Work to complete: Everything from the line containing "this 1232×1152 image." to the end of the material, both ends included, should be repeated exactly; please give only those lines.

Data in this exercise:
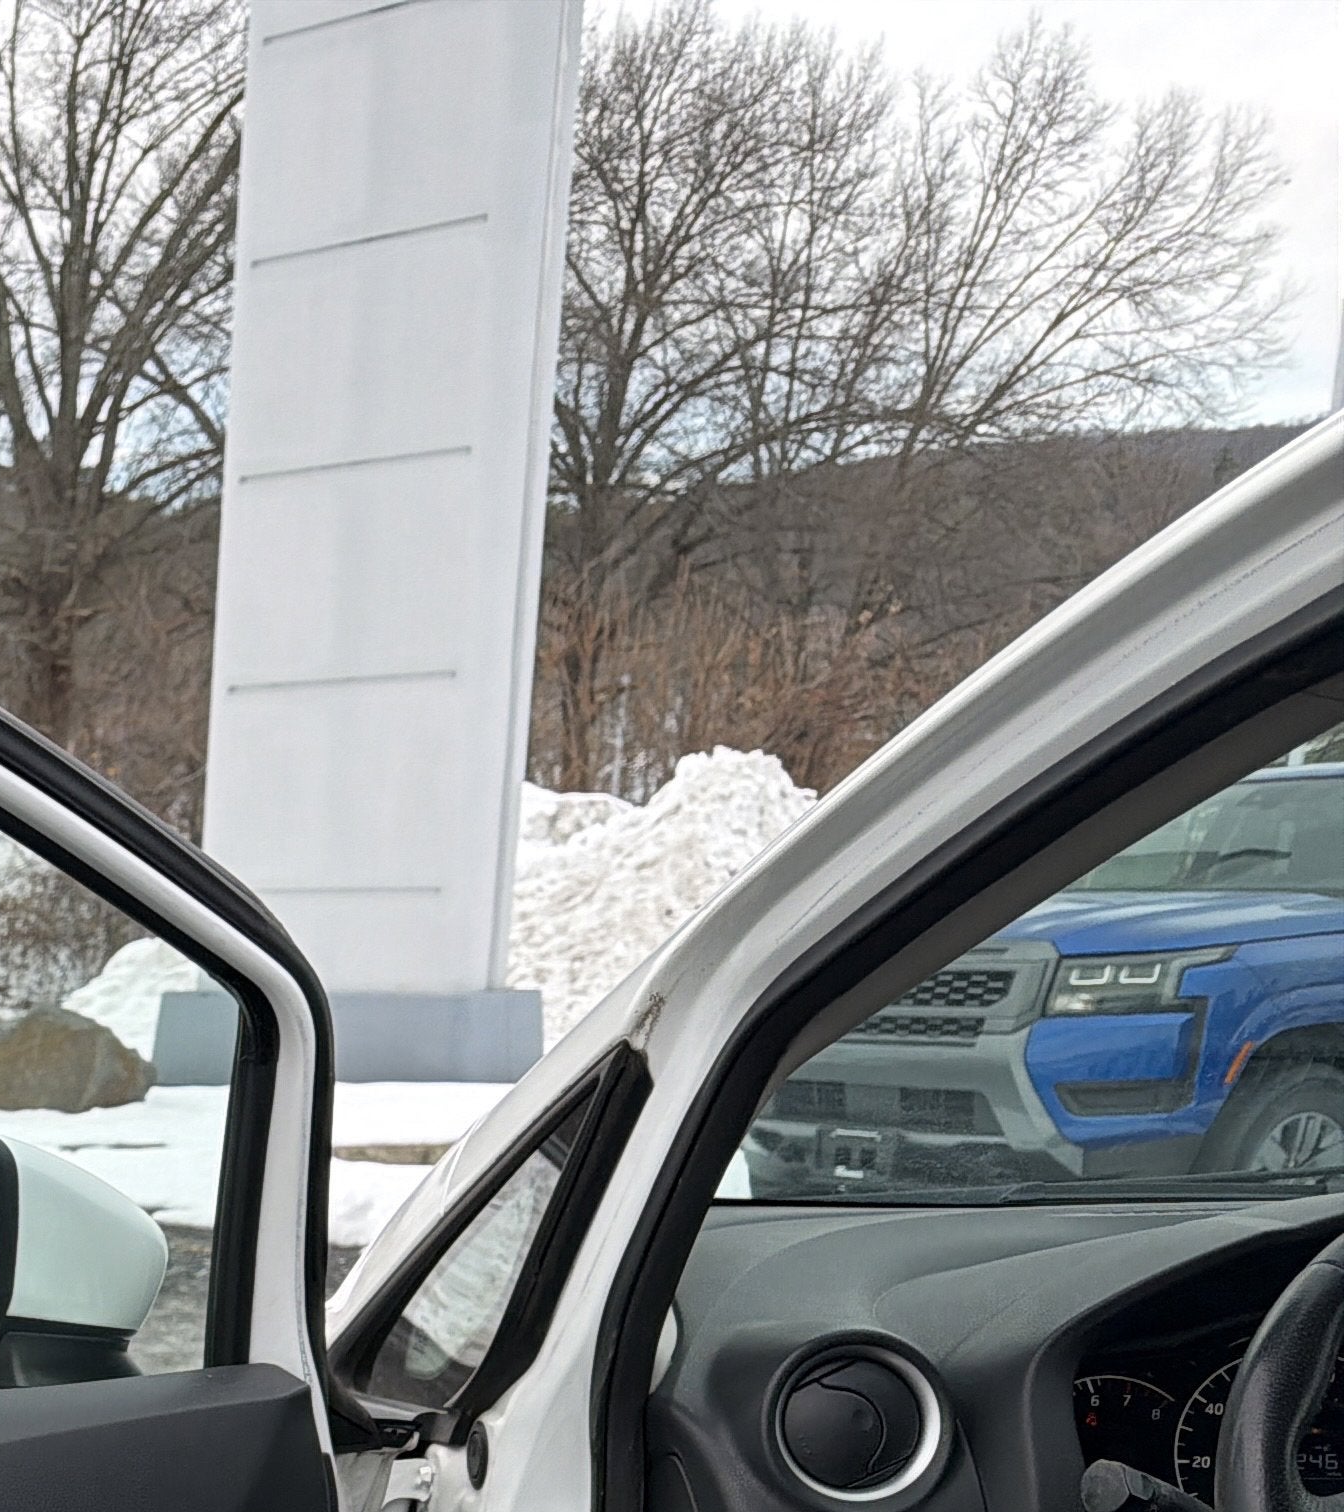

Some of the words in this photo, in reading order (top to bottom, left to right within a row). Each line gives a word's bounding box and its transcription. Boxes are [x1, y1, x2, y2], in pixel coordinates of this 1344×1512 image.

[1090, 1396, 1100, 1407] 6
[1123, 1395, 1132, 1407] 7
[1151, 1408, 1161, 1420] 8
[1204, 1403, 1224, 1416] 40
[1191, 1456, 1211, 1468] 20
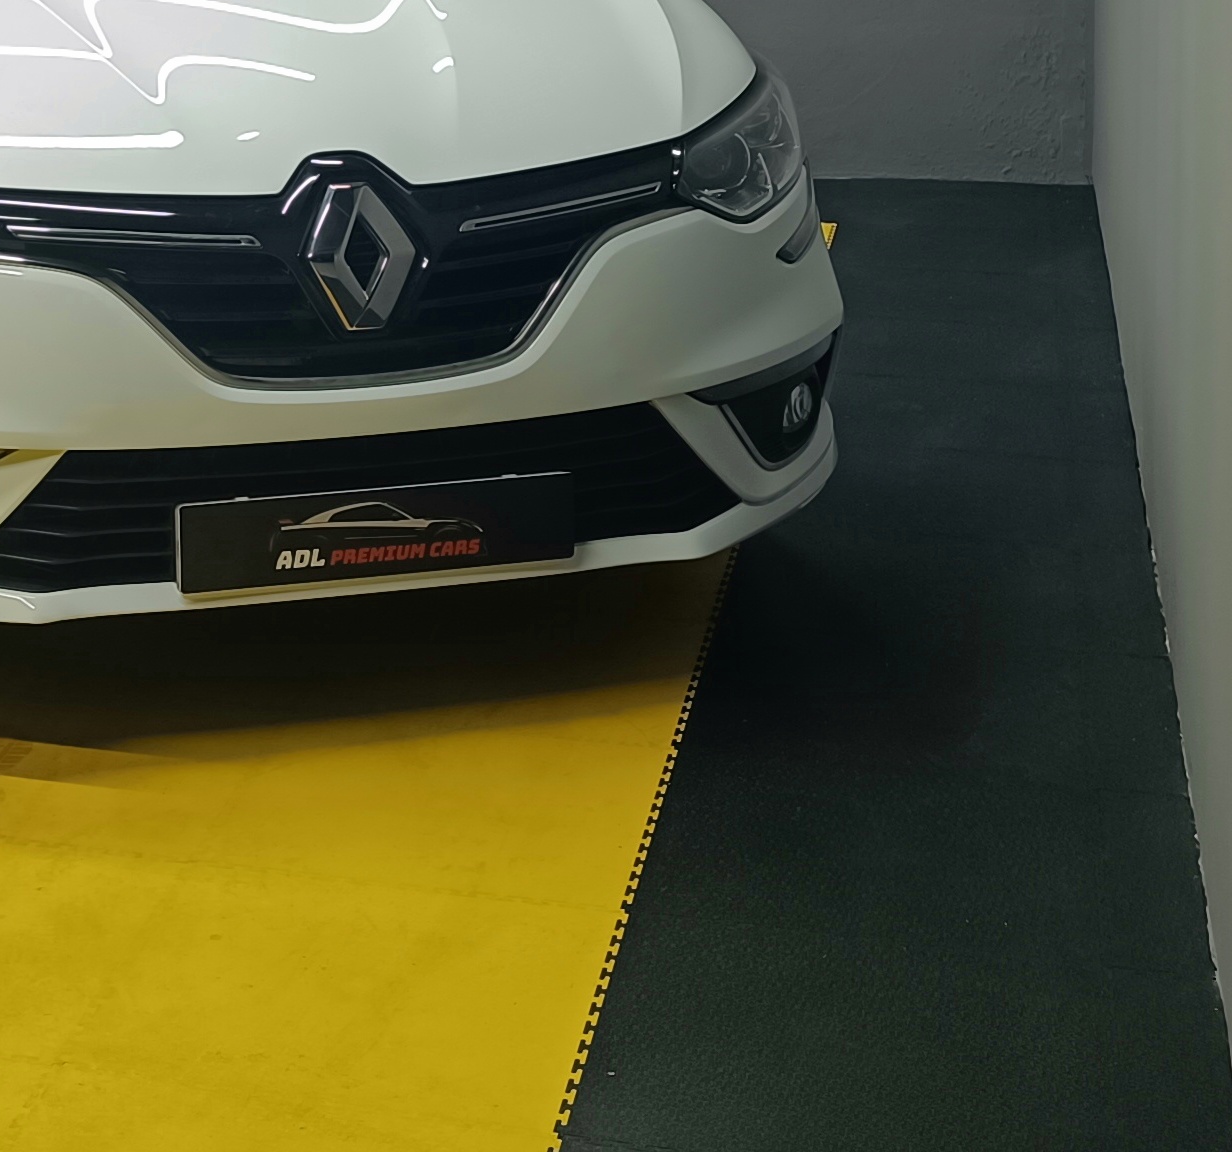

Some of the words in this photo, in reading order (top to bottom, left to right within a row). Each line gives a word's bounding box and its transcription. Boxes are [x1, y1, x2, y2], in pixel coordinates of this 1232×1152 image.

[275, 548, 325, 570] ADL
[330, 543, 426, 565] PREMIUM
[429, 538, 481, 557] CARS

Reply:
Some of the words in this photo, in reading order (top to bottom, left to right within a row). Each line gives a word's bounding box and its transcription. Boxes are [x1, y1, x2, y2], in pixel coordinates of this 1232×1152 image.

[275, 548, 325, 570] ADL
[330, 543, 426, 565] PREMIUM
[429, 538, 481, 557] CARS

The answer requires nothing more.